L’arte della guerra
Patti chiari, sudditanza lunga
Manlio Dinucci
Dopo
aver chiamato gli italiani a votare Sì al referendum,
ingerendosi nella nostra politica nazionale col complice
silenzio dell’opposizione parlamentare, il presidente Obama
ha confermato al «buon amico Matteo» che con l’Italia gli
Usa hanno «patti chiari, amicizia lunga». Non c’è dubbio che
i patti siano chiari, anzitutto il Patto atlantico che
sottomette l’Italia agli Usa.
Il Comandante supremo
alleato in Europa viene sempre nominato dal Presidente degli
Stati uniti d’America e sono in mano agli Usa tutti gli
altri comandi chiave. Dopo la fine della guerra fredda, in
seguito alla disgregazione dell’Urss, Washington affermava
la «fondamentale importanza di preservare la Nato quale
canale della influenza e partecipazione statunitensi negli
affari europei, impedendo la creazione di dispositivi
unicamente europei che minerebbero la struttura di comando
dell'Alleanza», ossia il comando Usa.
Concetto ribadito dal segretario della Nato Stoltenberg
nella recente tavola rotonda sulla «grande idea di Europa»:
«Dobbiamo
assicurare che il rafforzamento della difesa europea non
costituisca un duplicato della Nato, non divenga una
alternativa alla Nato».
A garanzia di ciò c’è il fatto che 22 dei 28 paesi della Ue (21 su 27
dopo l’uscita della Gran Bretagna) fanno parte della Nato
sotto comando Usa, riconosciuta dall’Unione europea quale
«fondamento della difesa collettiva». La politica estera e
militare della Ue è quindi fondamentalmente subordinata alla
strategia statunitense, su cui convergono le potenze europee
i cui contrasti d’interesse si ricompattano quando entra in
gioco il loro interesse fondamentale: mantenere il
predominio dell’Occidente, sempre più vacillante di fronte
all’emergere di nuovi soggetti statuali e sociali.
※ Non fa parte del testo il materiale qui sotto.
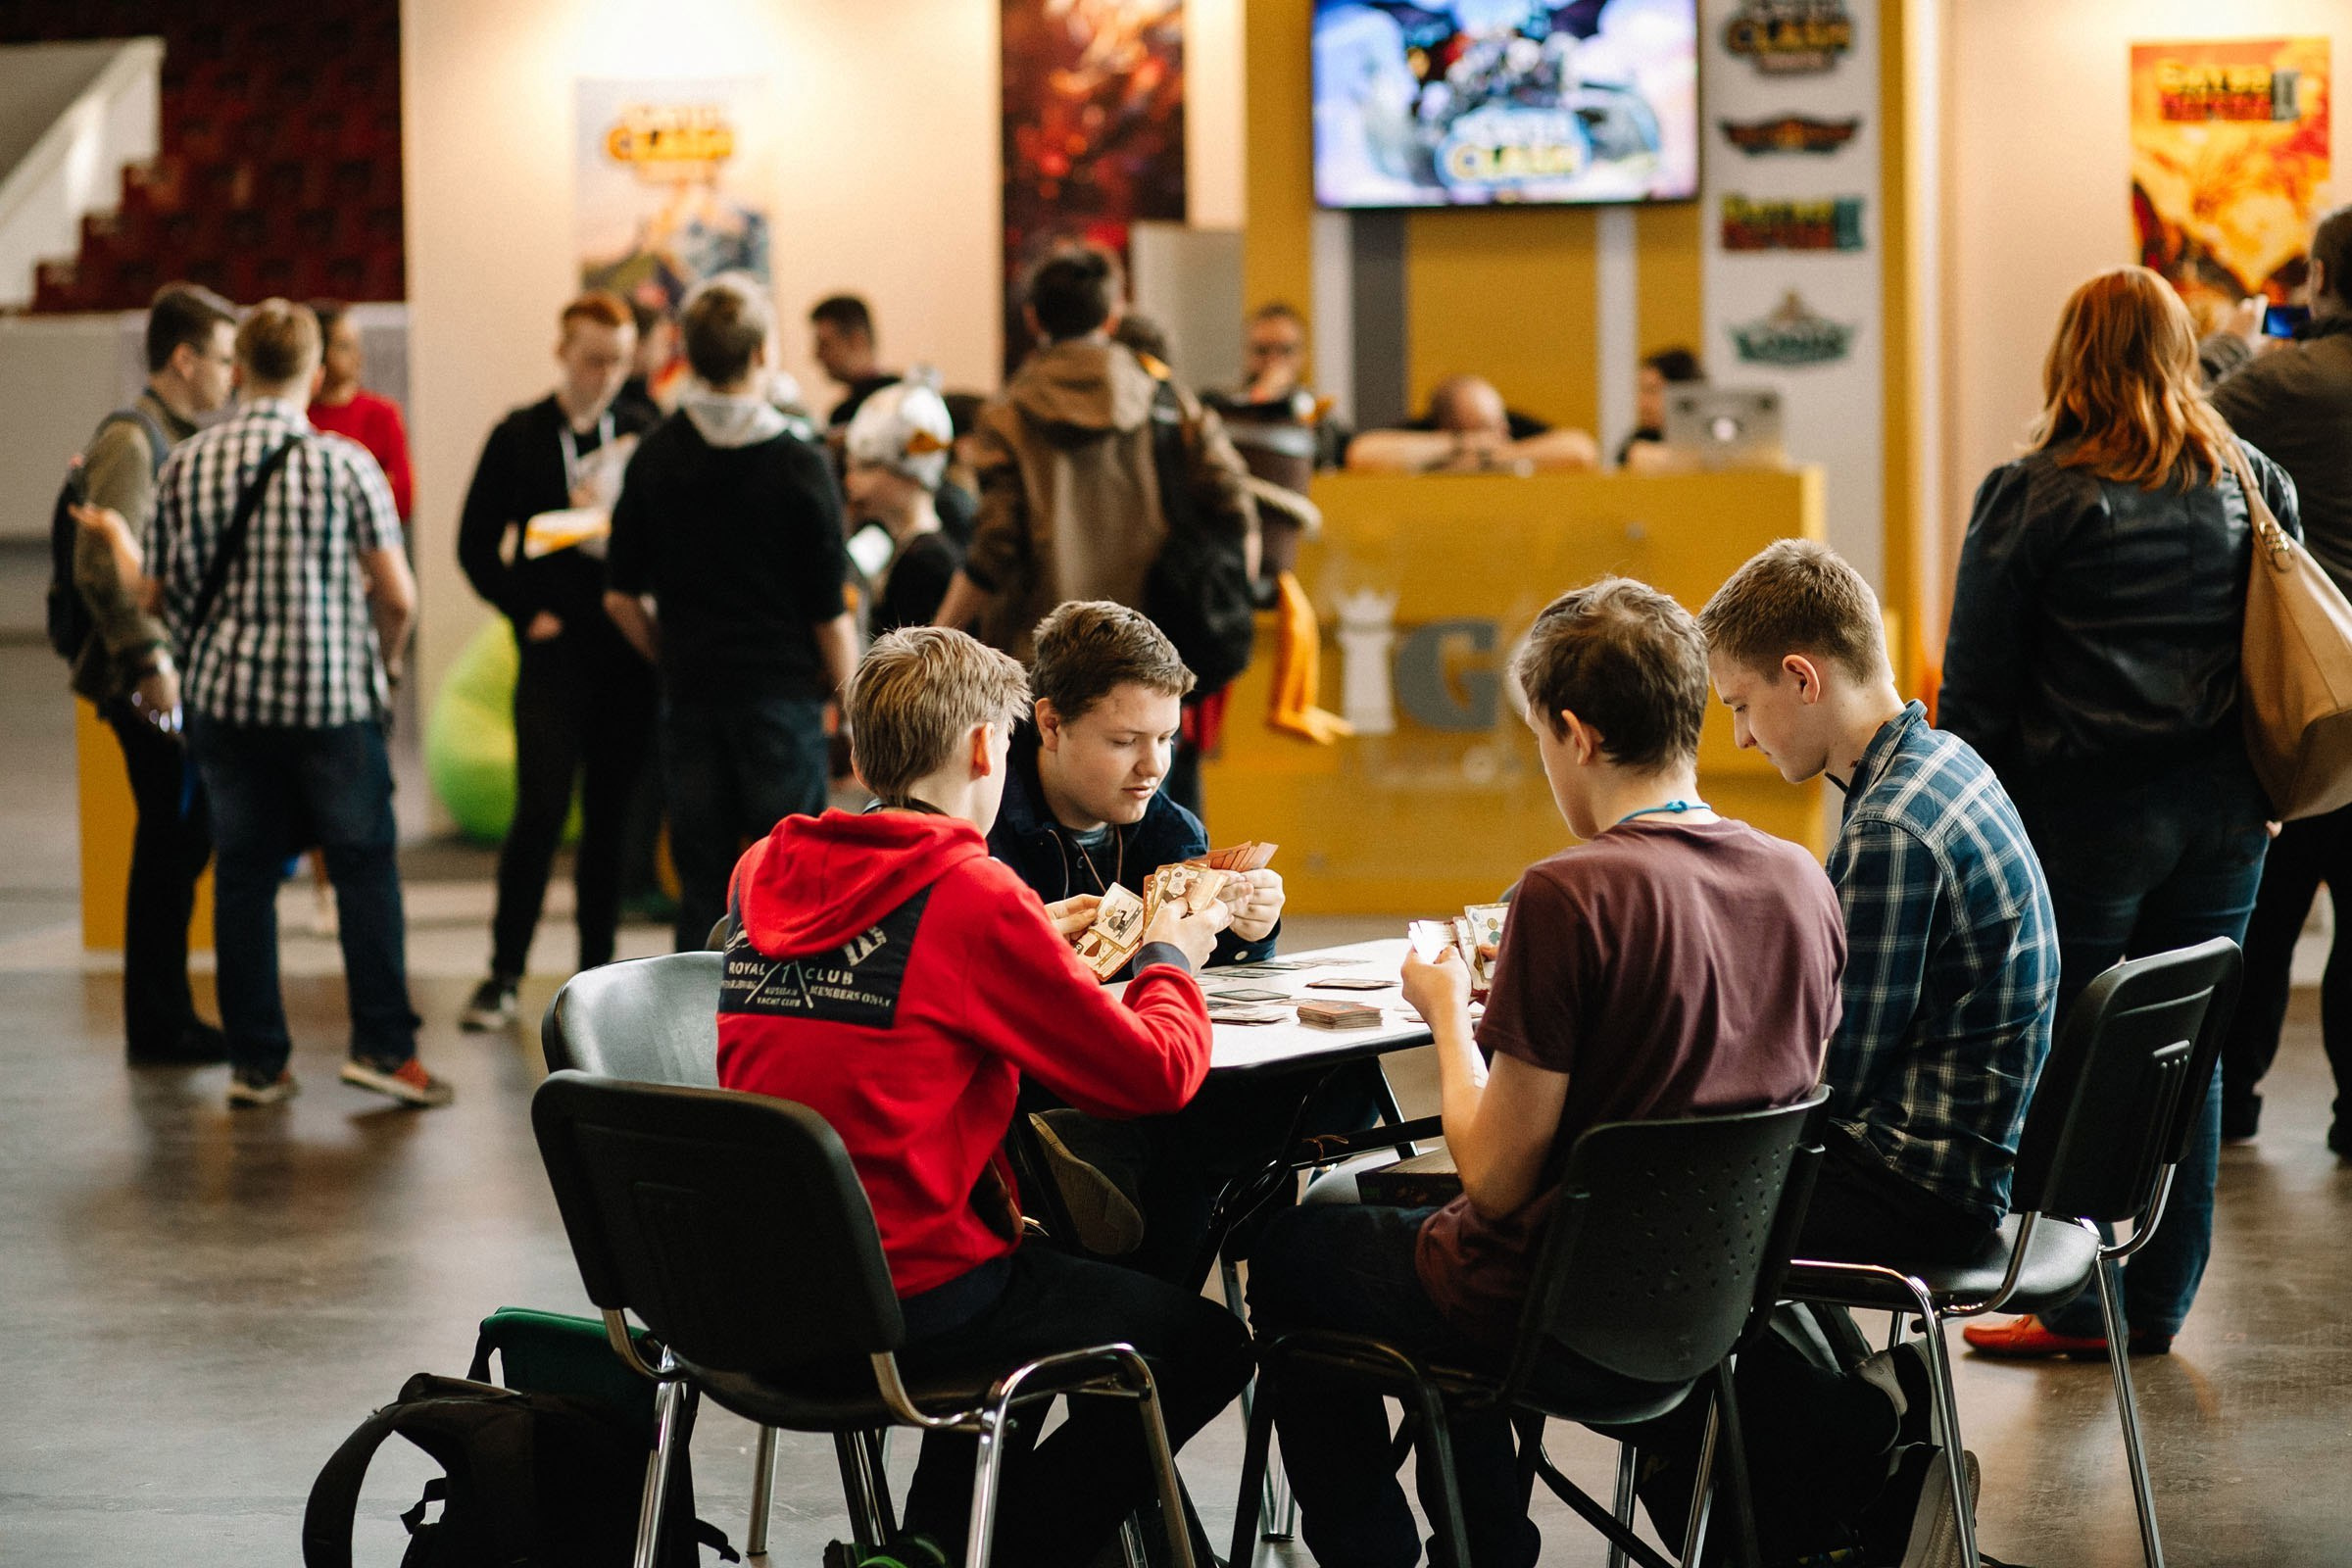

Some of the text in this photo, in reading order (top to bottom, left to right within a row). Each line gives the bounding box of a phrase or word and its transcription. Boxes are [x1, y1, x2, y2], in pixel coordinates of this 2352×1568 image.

Basti
pensare che l’Organizzazione di Shanghai per la
cooperazione, nata dall’accordo strategico cino-russo,
dispone di risorse tali da farne la maggiore area economica
integrata del mondo.
Nel quadro della strategia Usa/Nato – documenta la Casa
Bianca – l’Italia si distingue quale «saldo
e attivo alleato degli Stati uniti». Lo dimostra il fatto
che «l’Italia ospita oltre 30 mila militari e funzionari
civili del Dipartimento Usa della difesa in installazioni
dislocate in tutto il paese».
Allo stesso tempo
l’Italia è «partner
degli Usa per la sicurezza globale», fornendo forze militari e
finanziamenti per una vasta gamma di «sfide»:
in Kossovo, Afghanistan,
Iraq, Libia, Siria, Baltico e altrove, ossia ovunque è stata
e viene impiegata la macchina da guerra Usa/Nato.
Un ultimo fatto conferma quale sia il rapporto Usa-Italia:
stanno per arrivare alla base di Amendola in Puglia,
probabilmente l’8 novembre, i primi due dei 90 caccia F-35
della statunitense Lockheed Martin, che l’Italia si è
impegnata ad acquistare. Il costo della partecipazione
dell’Italia al programma F-35, quale partner di secondo
livello, è ufficialemente quantificato nella Legge di
stabilità 2016: 12 miliardi 356 milioni di euro di denaro
pubblico, più altre spese per le continue modifiche al
caccia che ancora non è pienamente operativo e necessiterà
di continui ammodernamenti.
Nonostante ciò – conferma Analisi Difesa – l’Italia
avrà una «sovranità
limitata» sugli stessi
F-35 della propria aeronautica. Una legge statunitense vieta
che i «dati di missione» (i software di gestione dei
sistemi di combattimento dei caccia) siano comunicati ad
altri. Saranno dunque gli Usa a controllare gli F-35
italiani, predisposti per l’uso delle nuove bombe nucleari
B61-12 che il Pentagono schiererà contro la Russia, al posto
delle attuali B-61, sul nostro territorio «nazionale».